>>>>>

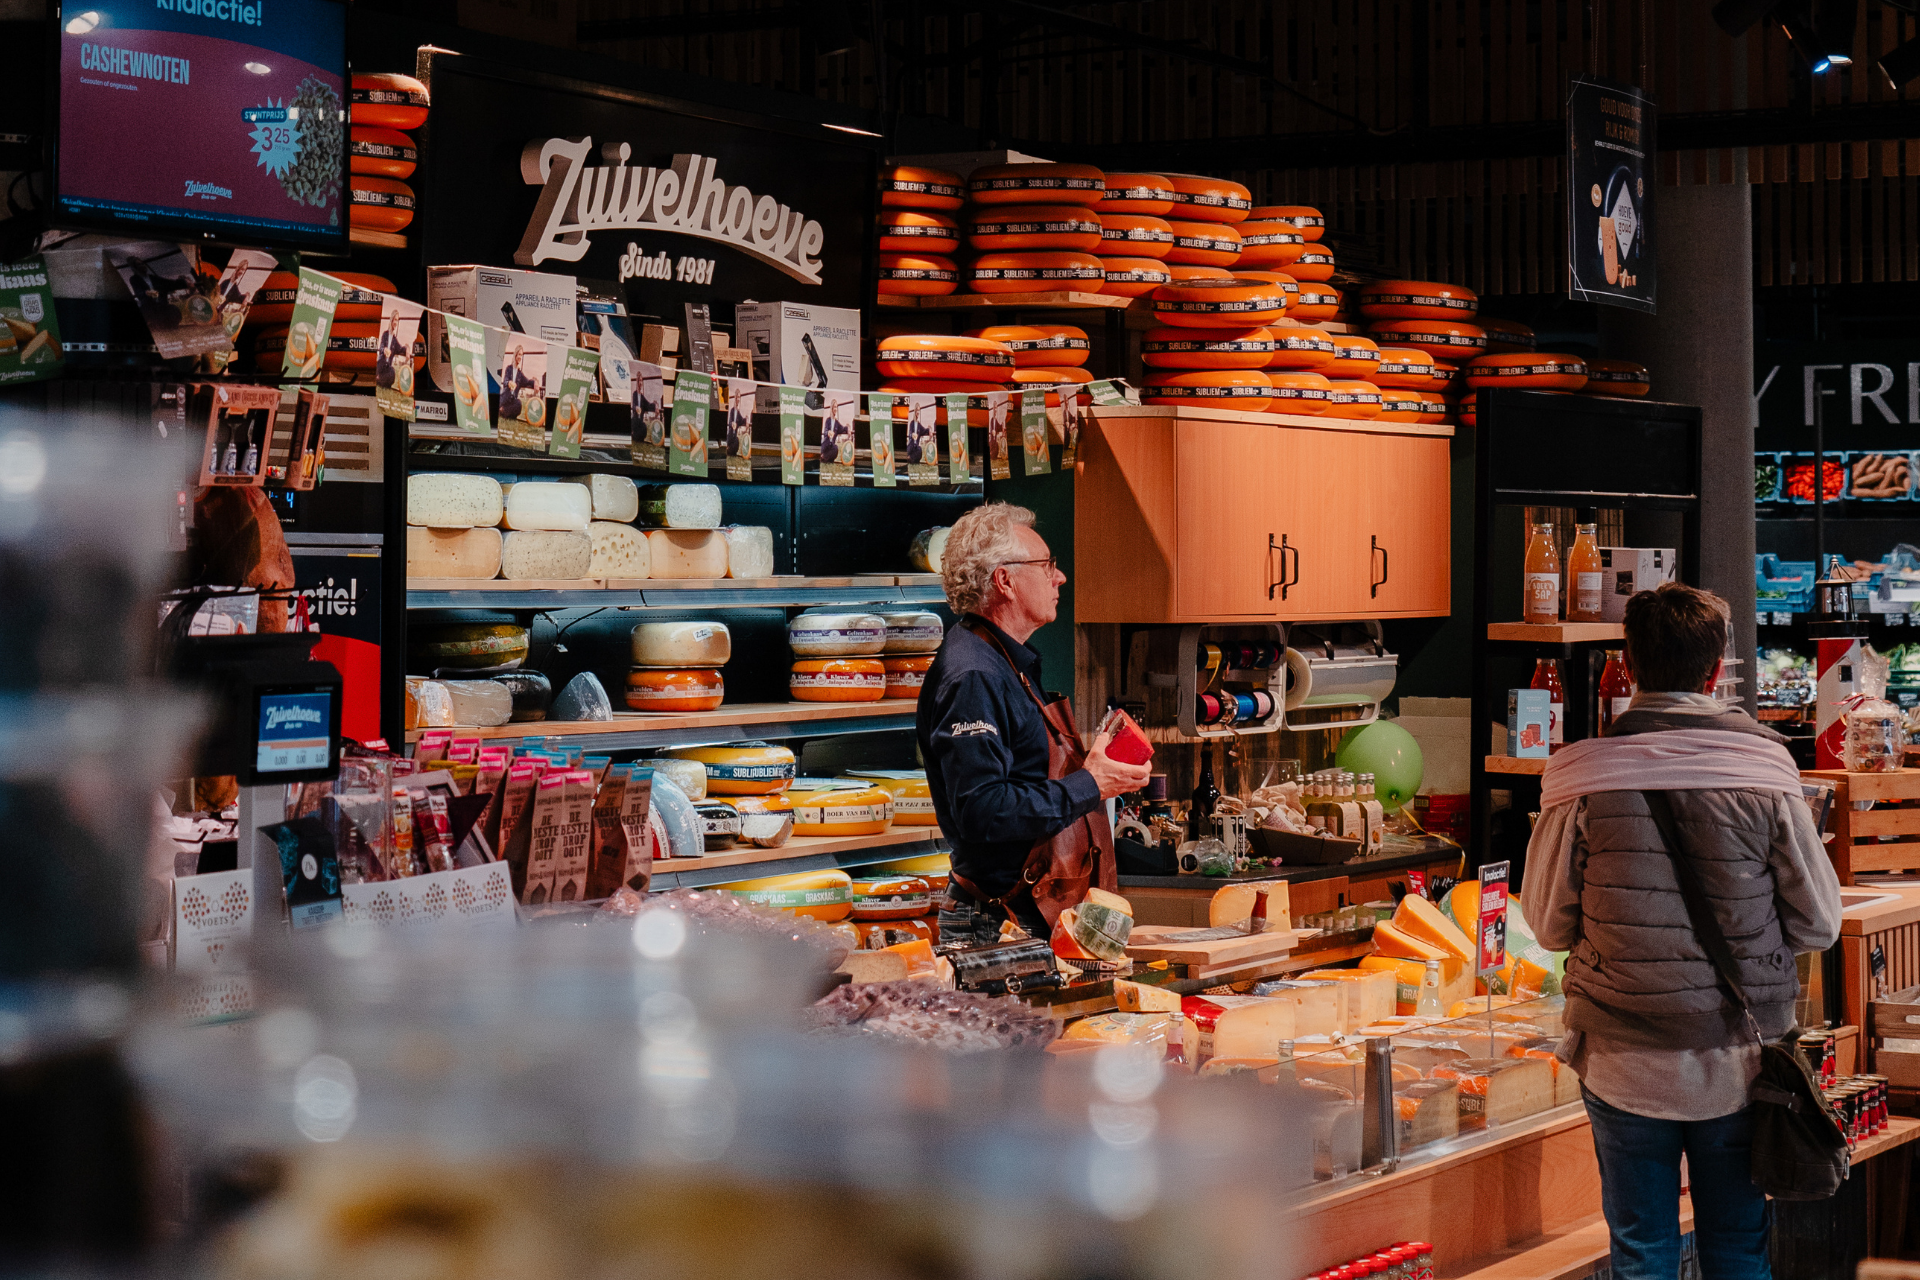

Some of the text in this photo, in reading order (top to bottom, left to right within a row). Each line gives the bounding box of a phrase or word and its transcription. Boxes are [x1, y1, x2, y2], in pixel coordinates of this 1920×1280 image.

[81, 42, 190, 85] CASHEWNOTEN
[369, 91, 398, 102] SUBLIEM
[352, 189, 382, 202] SUBLIEM
[518, 136, 824, 284] Zuivelhoeve
[1180, 238, 1204, 247] SUBLIEM
[619, 242, 715, 285] Sinds 1981
[1004, 269, 1029, 278] SUBLIEM
[1107, 271, 1131, 281] SUBLIEM
[266, 291, 295, 301] SUBLIEM
[1182, 302, 1206, 311] SUBLIEM
[1219, 302, 1245, 311] SUBLIEM
[908, 351, 933, 359] SUBLIEM
[1196, 387, 1221, 396] SUBLIEM
[421, 406, 447, 415] MAFIROL
[1535, 589, 1551, 600] SAP
[265, 705, 321, 729] Zuivelhoeve
[631, 803, 641, 815] DE
[541, 815, 553, 826] DE
[569, 811, 581, 823] DE
[561, 823, 589, 836] BESTE
[563, 834, 586, 847] DROP
[563, 846, 584, 858] OOIT
[805, 891, 835, 903] GRASKAAS
[470, 904, 493, 914] VOETS
[202, 917, 229, 926] VOETS
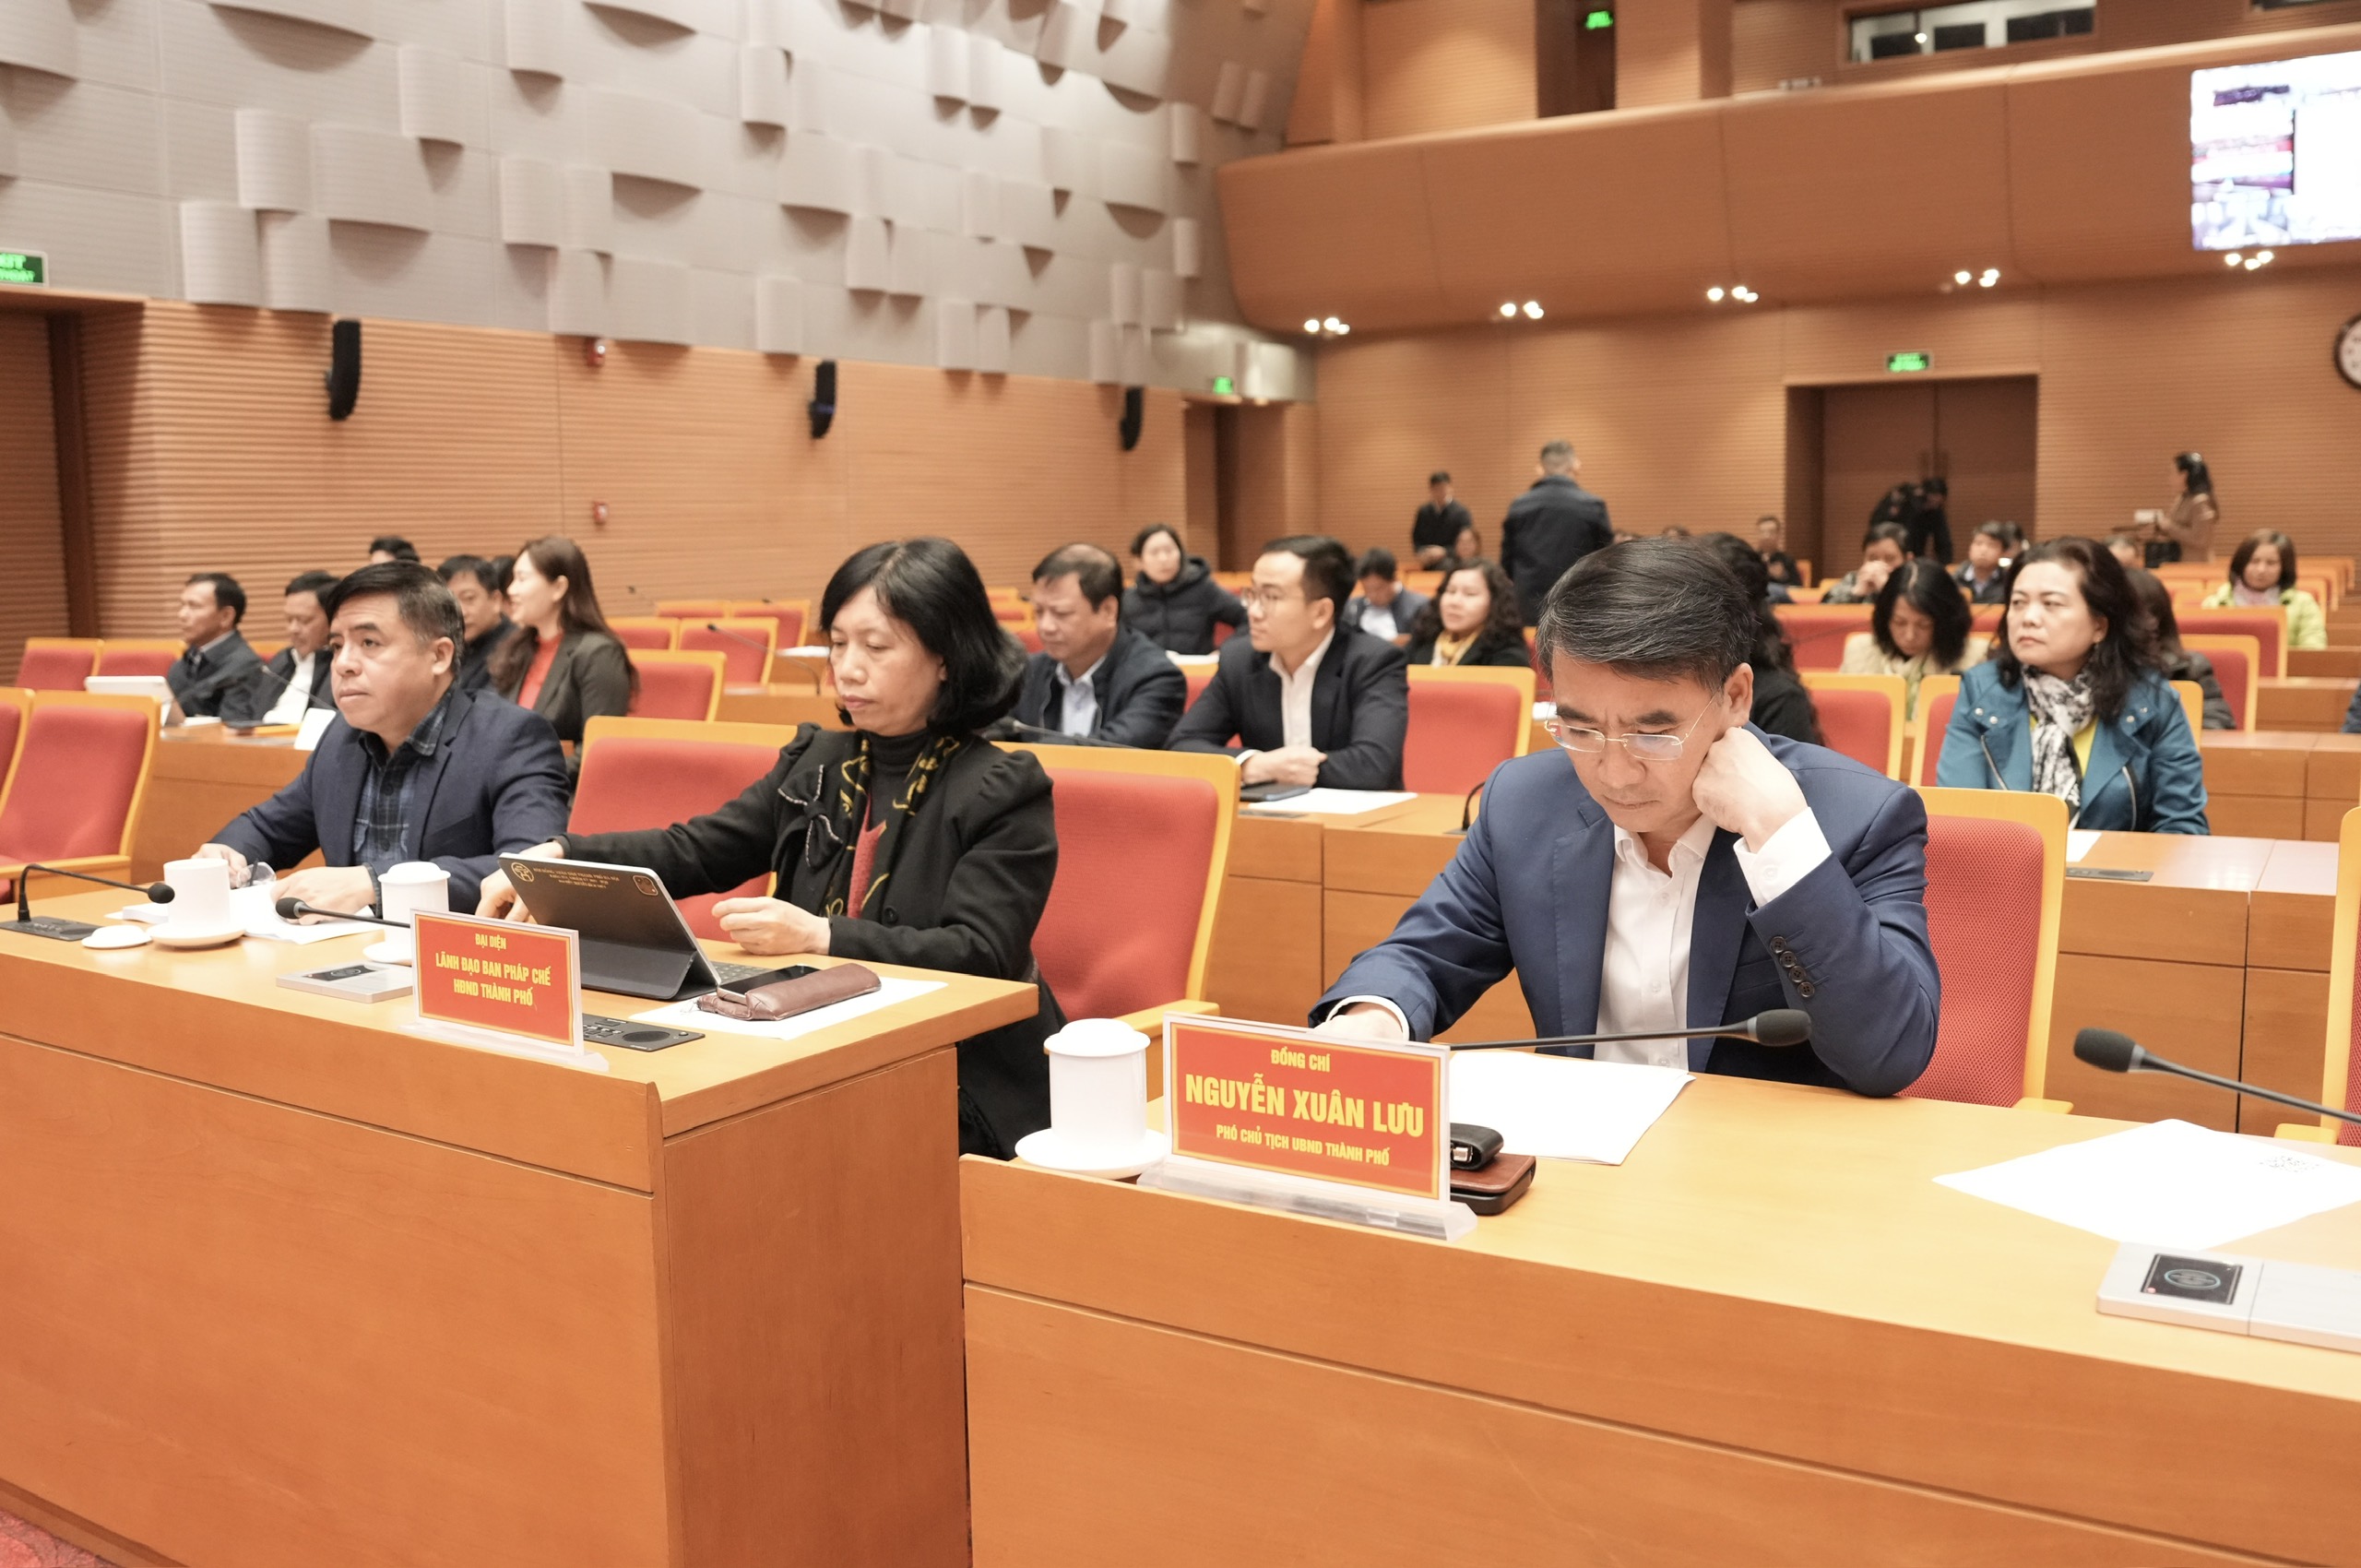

<<<<<

- _YOUR OBJECTIVE_
Each entry above should be written out verbatim, minus its pictures.

- _ANSWER TO THIS PROBLEM_
Some of the text in this photo, in reading order (top to bottom, left to right within a row). Each line gives the bounding box of a phrase or word and its transcription. Boxes are [x1, y1, x2, y2], in pixel coordinates of this 1920×1280 image.

[81, 42, 190, 85] CASHEWNOTEN
[369, 91, 398, 102] SUBLIEM
[352, 189, 382, 202] SUBLIEM
[518, 136, 824, 284] Zuivelhoeve
[1180, 238, 1204, 247] SUBLIEM
[619, 242, 715, 285] Sinds 1981
[1004, 269, 1029, 278] SUBLIEM
[1107, 271, 1131, 281] SUBLIEM
[266, 291, 295, 301] SUBLIEM
[1182, 302, 1206, 311] SUBLIEM
[1219, 302, 1245, 311] SUBLIEM
[908, 351, 933, 359] SUBLIEM
[1196, 387, 1221, 396] SUBLIEM
[421, 406, 447, 415] MAFIROL
[1535, 589, 1551, 600] SAP
[265, 705, 321, 729] Zuivelhoeve
[631, 803, 641, 815] DE
[541, 815, 553, 826] DE
[569, 811, 581, 823] DE
[561, 823, 589, 836] BESTE
[563, 834, 586, 847] DROP
[563, 846, 584, 858] OOIT
[805, 891, 835, 903] GRASKAAS
[470, 904, 493, 914] VOETS
[202, 917, 229, 926] VOETS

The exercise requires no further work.